Task to carry out =>
If an entry holds a picture, leave the picture out and copy the rest exactly.

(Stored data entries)

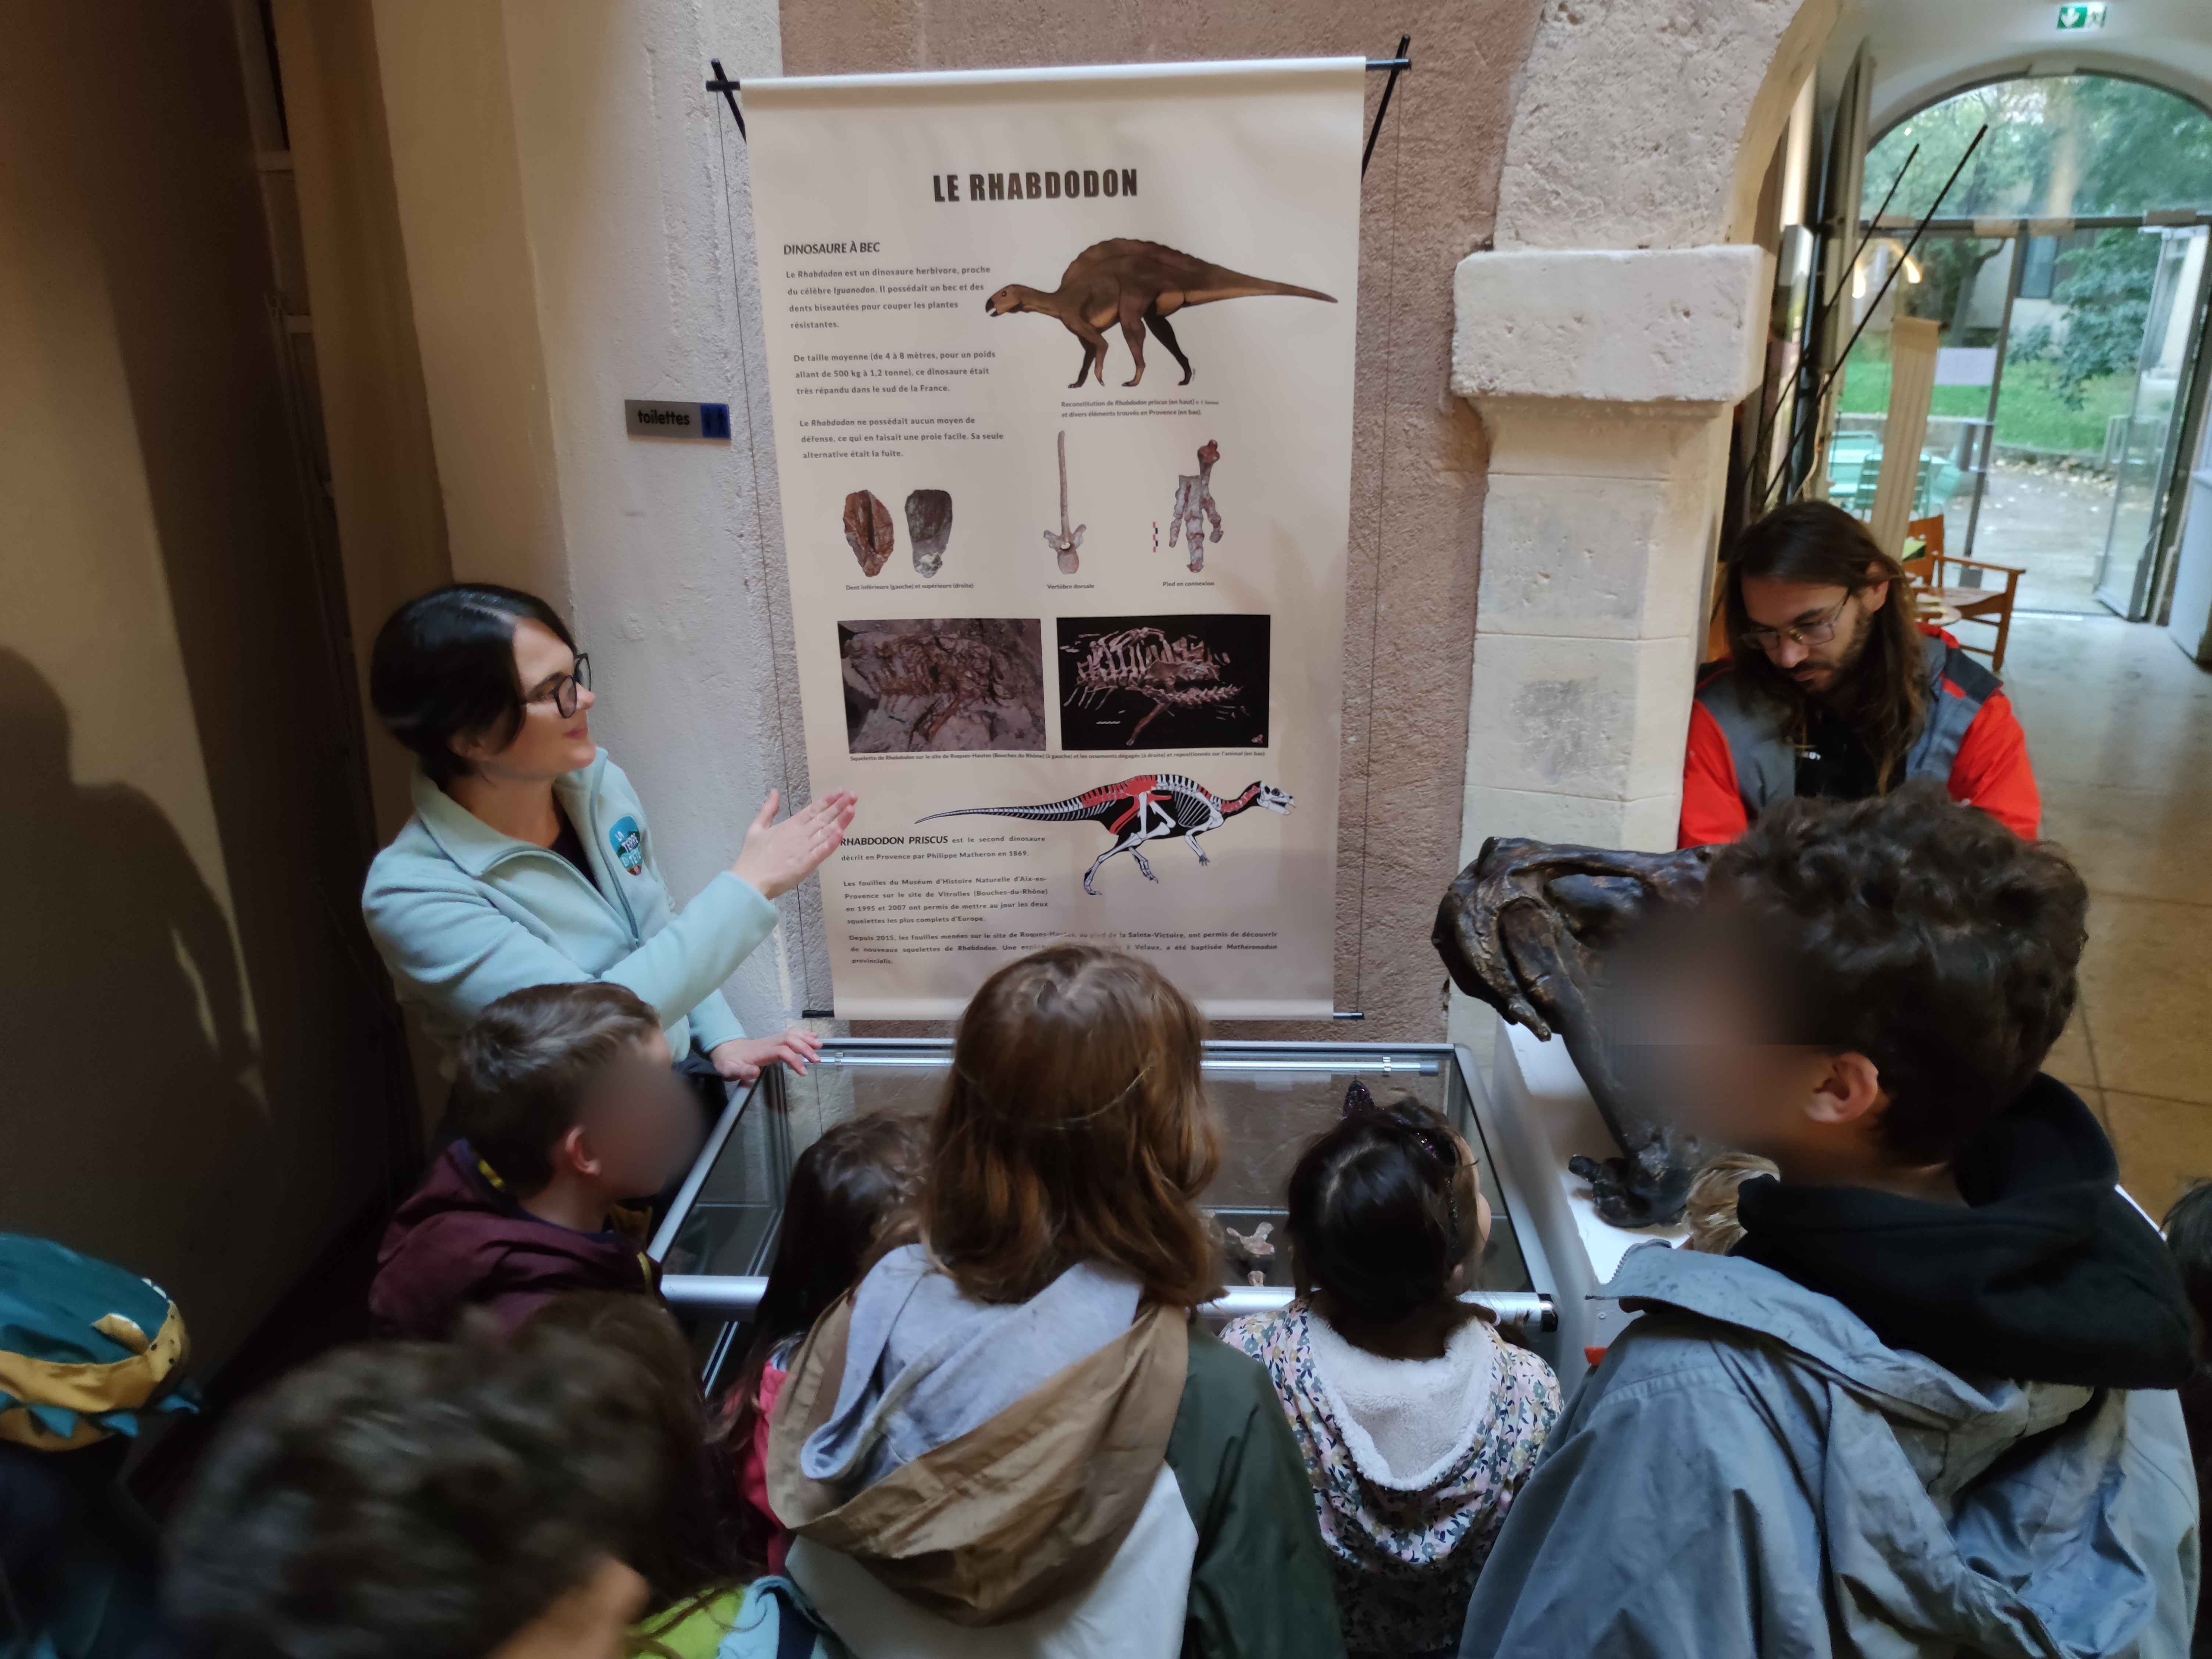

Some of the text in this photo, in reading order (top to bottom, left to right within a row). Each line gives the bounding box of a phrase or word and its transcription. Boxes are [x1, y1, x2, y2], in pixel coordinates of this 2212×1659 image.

[933, 168, 1137, 203] LE RHABDODON
[784, 240, 880, 255] DINOSAURE À BEC
[798, 270, 842, 278] Rhabdodon
[916, 267, 959, 275] herbivore,
[961, 266, 990, 275] proche
[800, 287, 831, 295] célèbre
[888, 284, 928, 294] possédait
[970, 283, 984, 291] des
[814, 303, 859, 311] biseautées
[928, 301, 958, 310] plantes
[807, 354, 829, 362] taille
[870, 353, 883, 361] (de
[973, 350, 996, 359] poids
[851, 370, 861, 378] kg
[870, 369, 882, 377] 1,2
[884, 368, 914, 377] tonne),
[815, 386, 849, 395] répandu
[638, 409, 690, 425] toilettes
[869, 417, 908, 427] possédait
[849, 434, 861, 443] qui
[921, 433, 942, 442] proie
[803, 451, 848, 459] alternative
[614, 831, 625, 842] LA
[840, 837, 904, 846] RHABDODON
[909, 835, 948, 845] PRISCUS
[621, 832, 639, 853] TERRE
[974, 888, 1048, 897] (Bouches-du-Rhône)

Response box =>
Some of the text in this photo, in reading order (top to bottom, left to right within a row). Each line gives the bounding box of a phrase or word and its transcription. Boxes are [x1, y1, x2, y2], in pixel coordinates of this 2212×1659 image.

[933, 168, 1137, 203] LE RHABDODON
[784, 240, 880, 255] DINOSAURE À BEC
[798, 270, 842, 278] Rhabdodon
[916, 267, 959, 275] herbivore,
[961, 266, 990, 275] proche
[800, 287, 831, 295] célèbre
[888, 284, 928, 294] possédait
[970, 283, 984, 291] des
[814, 303, 859, 311] biseautées
[928, 301, 958, 310] plantes
[807, 354, 829, 362] taille
[870, 353, 883, 361] (de
[973, 350, 996, 359] poids
[851, 370, 861, 378] kg
[870, 369, 882, 377] 1,2
[884, 368, 914, 377] tonne),
[815, 386, 849, 395] répandu
[638, 409, 690, 425] toilettes
[869, 417, 908, 427] possédait
[849, 434, 861, 443] qui
[921, 433, 942, 442] proie
[803, 451, 848, 459] alternative
[614, 831, 625, 842] LA
[840, 837, 904, 846] RHABDODON
[909, 835, 948, 845] PRISCUS
[621, 832, 639, 853] TERRE
[974, 888, 1048, 897] (Bouches-du-Rhône)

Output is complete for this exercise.